At that age? Yeah, I'd be scared for my kids. Besides, you can get delivery, thanks to Amazon and Google Express. With MS/HS age, it's a different story: kids have more awareness of safety and money and are less likely to be fooled by strangers. Better to wait a few years.


Missing the entire point.
Anonymous
I went to the neighborhood store by myself when I was 6 (1980). It was a block or so from the house and I had to cross one two lane street. I loved it! I got to cross the street, got to remember the items I needed, got to make sure I got the correct change. It taught me a good deal of independence and self confidence.
Anonymous
I'm Korean-American and immigrated to the United States when I was 4 years old. One of my earliest memories is going to the store by myself in Korea. My mom let me walk to the store and buy something. I am pretty sure she was right outside or a half a block away but I remember being so proud of myself. I thought I was such a big girl.

My kids are 4 and 6 now and I don't even let them walk in a parking lot without holding my hands. I am not afraid of kidnapping. I am afraid they will get hit by a car.
Anonymous
Anonymous wrote:
Anonymous wrote:Another thing to keep in mind is that in Japan other adults will look out for unsupervised kids. They have no qualms about helping or correcting a child that isn't theirs (I'm not Japanese so I may be wrong).

Back in the 60's and 70's when kids were running around the neighborhood, the adult neighbors were free to discipline or call out bad behavior they saw. They could report what they saw to your parents. Alternatively if you needed help you could run over and ring your neighbors' door bell. People knew their neighbors more.


There are still plenty of people who know their neighbors.


But now a days if you try to correct a neighboring child, the parent will get in your face and yell at you for daring to discipline the child. Also, busy bodies will call CPS if they see a 6 yr old walking around the neighborhood by themselves now. That's the difference.
Anonymous
Anonymous wrote:Japan is generally better than the US. Value statement.
German too.


In some ways. I grew up in both. But I did ride my bike to first grade in Tokyo. And wander around with my friends, go shopping, etc. In Tokyo. In second grade. Hard to imagine someone letting a kid do that in DC. Did the same in Berlin. Took taxis with friends at 8 and 9. DH almost had a fit when I suggested putting DS (14) in a taxi recently. Sigh.
Anonymous
Anonymous wrote:I'm Korean-American and immigrated to the United States when I was 4 years old. One of my earliest memories is going to the store by myself in Korea. My mom let me walk to the store and buy something. I am pretty sure she was right outside or a half a block away but I remember being so proud of myself. I thought I was such a big girl.

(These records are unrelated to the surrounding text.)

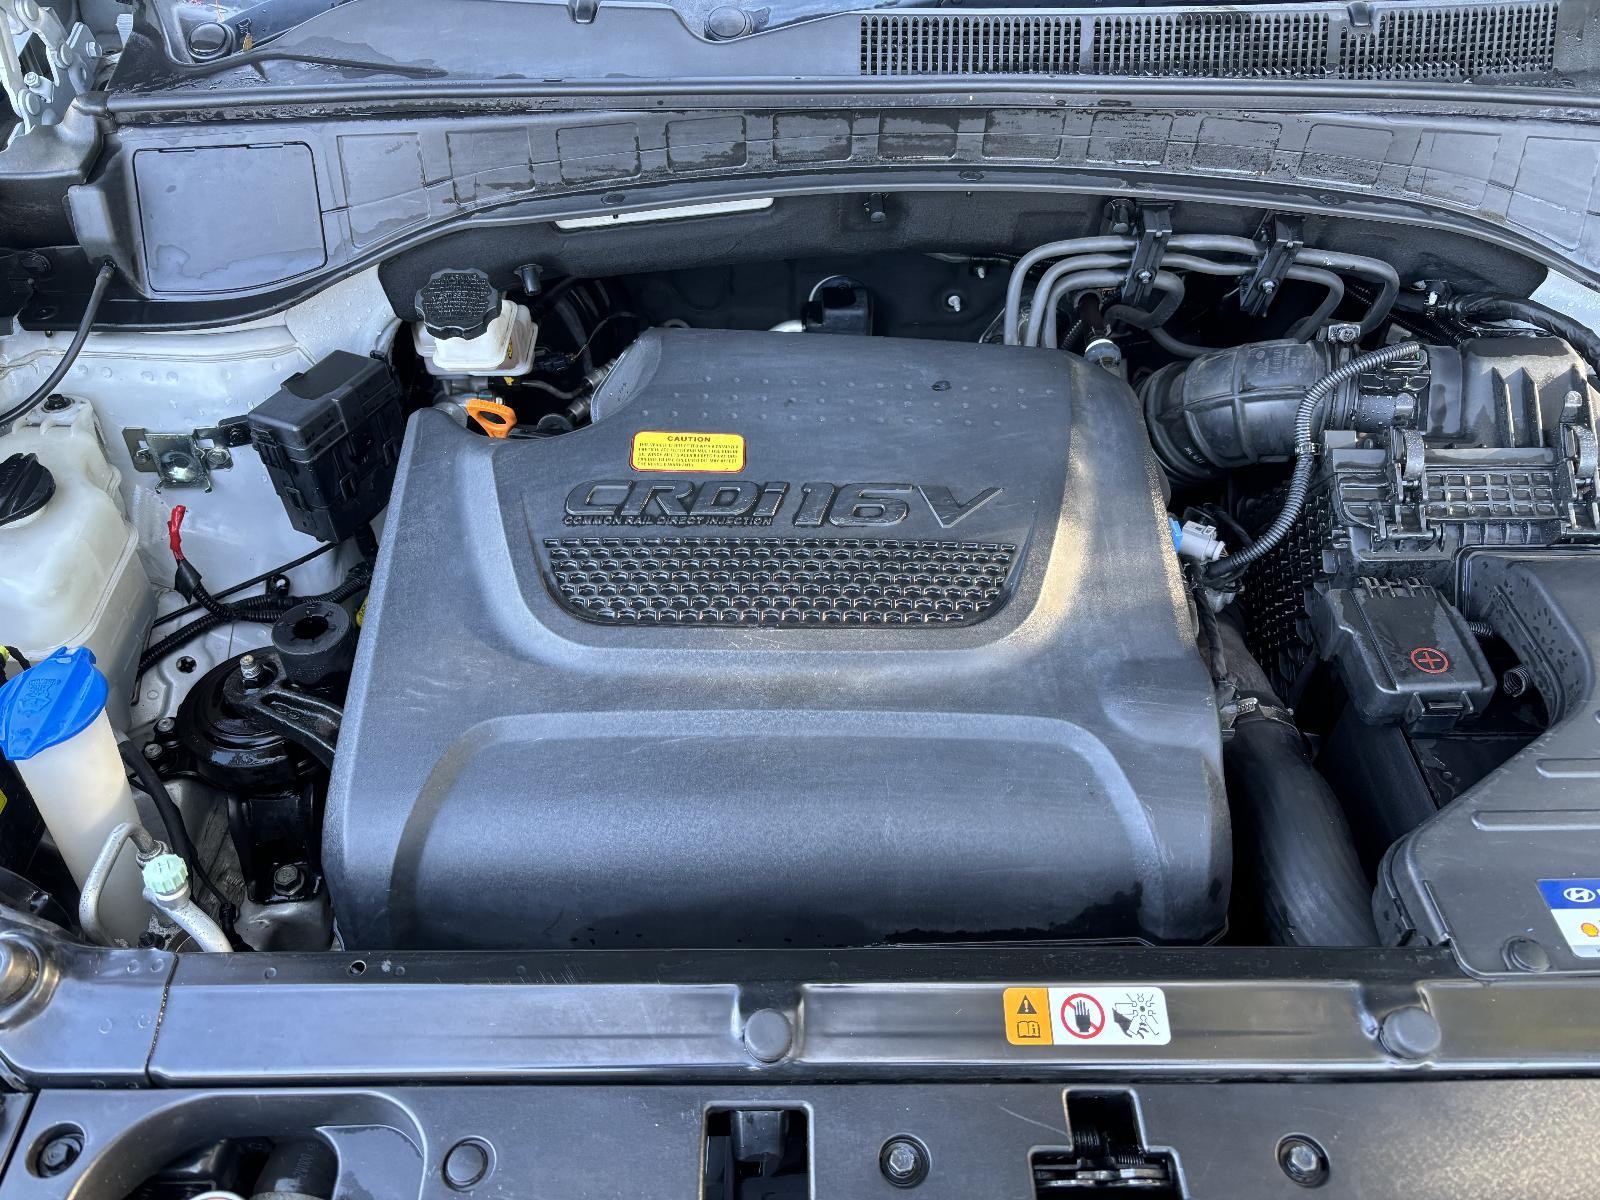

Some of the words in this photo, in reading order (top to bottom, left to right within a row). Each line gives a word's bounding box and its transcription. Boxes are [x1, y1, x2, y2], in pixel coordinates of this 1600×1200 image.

[566, 480, 790, 517] CRDi
[564, 516, 622, 526] COMMON
[624, 516, 654, 526] RAIL
[657, 516, 704, 526] DIRECT
[705, 516, 773, 527] INJECTION

My kids are 4 and 6 now and I don't even let them walk in a parking lot without holding my hands. I am not afraid of kidnapping. I am afraid they will get hit by a car.


I agree and had similar experiences in my country of birth. I went to the store for my parents frequently as it was only a short distance away and there were no busy streets in between. If I had that same set up for my kids, I would have let them do the same.

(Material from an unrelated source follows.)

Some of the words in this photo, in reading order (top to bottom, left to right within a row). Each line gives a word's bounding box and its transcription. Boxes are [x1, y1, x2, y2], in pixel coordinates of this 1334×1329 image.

I am not that concerned about kidnapping, I am more concerned about cars and kids getting in situations of danger because they make bad decisions. There are more cars in the road today and they move faster than they did years ago-everyone is in a hurry.

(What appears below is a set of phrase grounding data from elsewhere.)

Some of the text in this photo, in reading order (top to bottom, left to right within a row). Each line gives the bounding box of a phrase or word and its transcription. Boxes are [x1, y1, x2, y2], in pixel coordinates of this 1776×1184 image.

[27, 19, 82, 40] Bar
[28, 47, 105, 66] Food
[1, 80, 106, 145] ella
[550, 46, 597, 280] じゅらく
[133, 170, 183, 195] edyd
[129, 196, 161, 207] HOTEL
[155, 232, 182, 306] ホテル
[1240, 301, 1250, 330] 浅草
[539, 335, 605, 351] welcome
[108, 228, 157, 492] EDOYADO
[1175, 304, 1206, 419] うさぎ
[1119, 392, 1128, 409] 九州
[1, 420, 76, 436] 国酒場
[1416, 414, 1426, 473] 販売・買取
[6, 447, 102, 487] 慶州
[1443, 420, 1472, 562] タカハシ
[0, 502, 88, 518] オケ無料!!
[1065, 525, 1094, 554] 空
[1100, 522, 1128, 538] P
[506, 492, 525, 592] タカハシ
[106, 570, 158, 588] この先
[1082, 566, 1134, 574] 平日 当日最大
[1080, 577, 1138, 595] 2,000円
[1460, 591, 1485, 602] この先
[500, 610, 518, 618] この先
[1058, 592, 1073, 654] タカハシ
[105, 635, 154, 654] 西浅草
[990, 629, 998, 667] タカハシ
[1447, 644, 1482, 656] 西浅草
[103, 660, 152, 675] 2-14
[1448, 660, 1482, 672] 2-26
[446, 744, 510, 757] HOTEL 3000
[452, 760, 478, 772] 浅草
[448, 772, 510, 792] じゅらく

I've seen two kids have their lives completely changed by accidental injury- one with a head injury that has effectively ended his life as he knew it. This was a perfectly normal kid with a sense of adventure who did something he thought was fun and now is essentially gone. His entire family has been changed by this and will never again be the same. This is an incident that would not have happened had he been with an adult.

The other child was seriously injured by being hit by a car while playing near a busy road. He spent months in the hospital. He recovered, but is a different person than he was before. This kid never would have been playing near that road if an adult had been present.